Three rookies, all leveraged in trades of expansion draft picks, performed fairly well for the ’62 Senators. Twenty-two-year-old lefthander Claude Osteen, acquired from Cincinnati in late 1961 for cash and reliever Dave Sisler, held his own in 150 innings. Another southpaw, 26-year-old Steve Hamilton, showed promise after being picked up from the Indians in May 1962 as part of a trade for Willie Tasby, who had been the regular center fielder in 1961. And 25-year-old outfielder Don Lock was acquired from the Yankees in July of ’62 exchange for Dale Long and proceeded to hit well in 71 games.

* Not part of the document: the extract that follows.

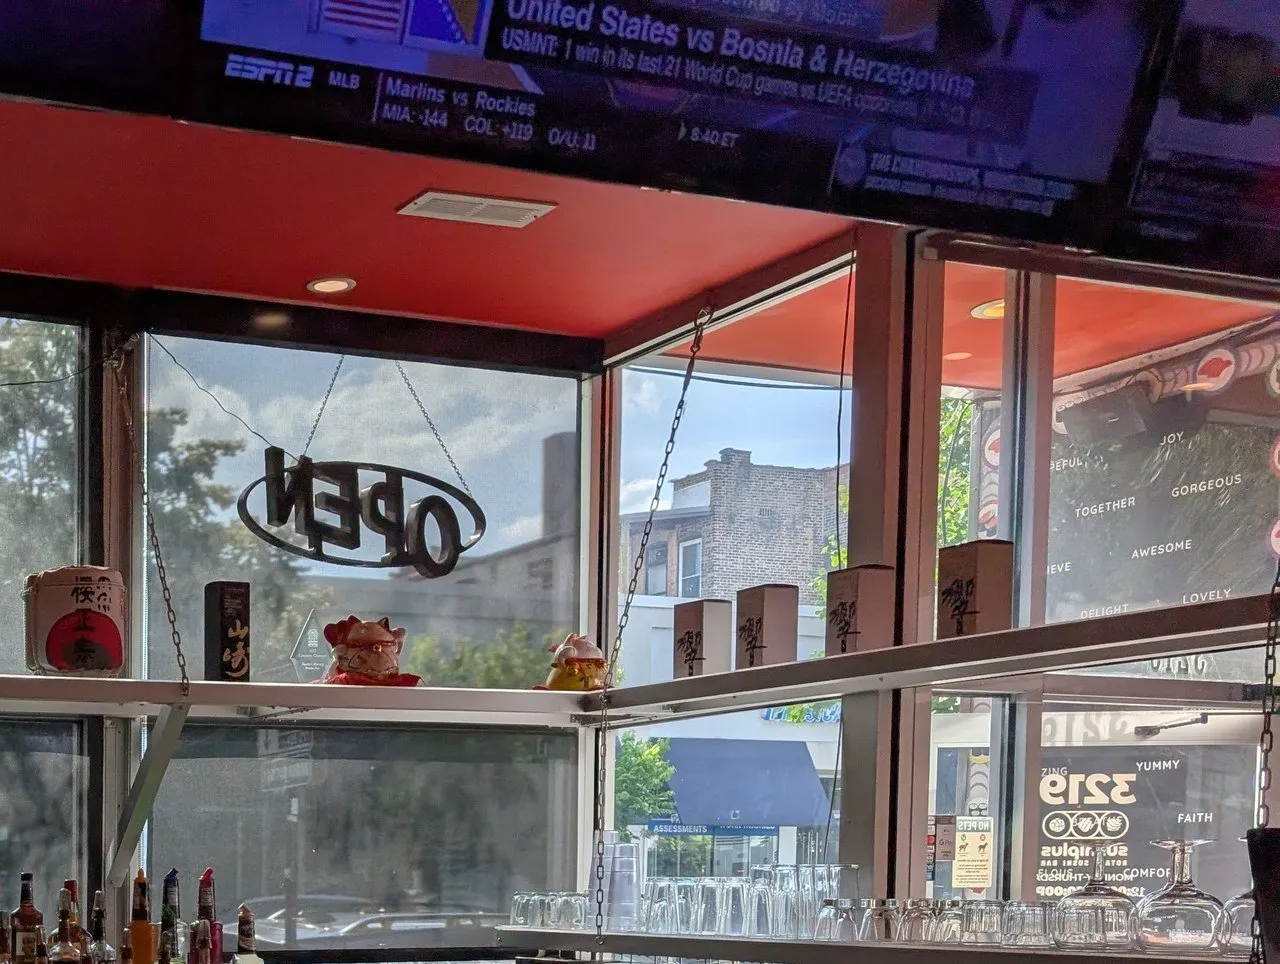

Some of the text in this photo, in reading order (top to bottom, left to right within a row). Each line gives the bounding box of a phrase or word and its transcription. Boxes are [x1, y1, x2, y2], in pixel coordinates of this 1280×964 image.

But overall the Senators’ roster remained unimpressive, and they finished an aggregate 35 games behind the Angels through 1962.

The Angels: Years Three Through Six

In 1963, three players who had been at the center of the Angels’ 1962 surge—Lee Thomas, Bob Rodgers and wildly quotable southpaw Bo Belinsky—all slumped badly, and the team lacked the depth to compensate. They fell all the way back to 70 wins and finished ninth.

The Angels rebounded to 82-80, fifth place in 1964. But perhaps because expectations had been set unrealistically high by the sudden success of 1962, in general the next few years would deliver mounting frustration. The organization continued to make good decisions, building a strong farm system and committing to a large contingent of promising young players: Tom Satriano, Ed Kirkpatrick, Paul Schaal, Jose Cardenal, Marcelino Lopez, Rick Reichardt, Jay Johnstone, and many more, but none turned out to be as nearly as good as either Fregosi or Chance. With those two young stars at their core, the Angels remained a competitive team through 1966 but were never the contender they had threatened to be back in 1962. In 1964-6566, the Angels settled in as a fixture in the middle of the American League standings, featuring young lineups full of promise but unable to deliver more than overall mediocrity.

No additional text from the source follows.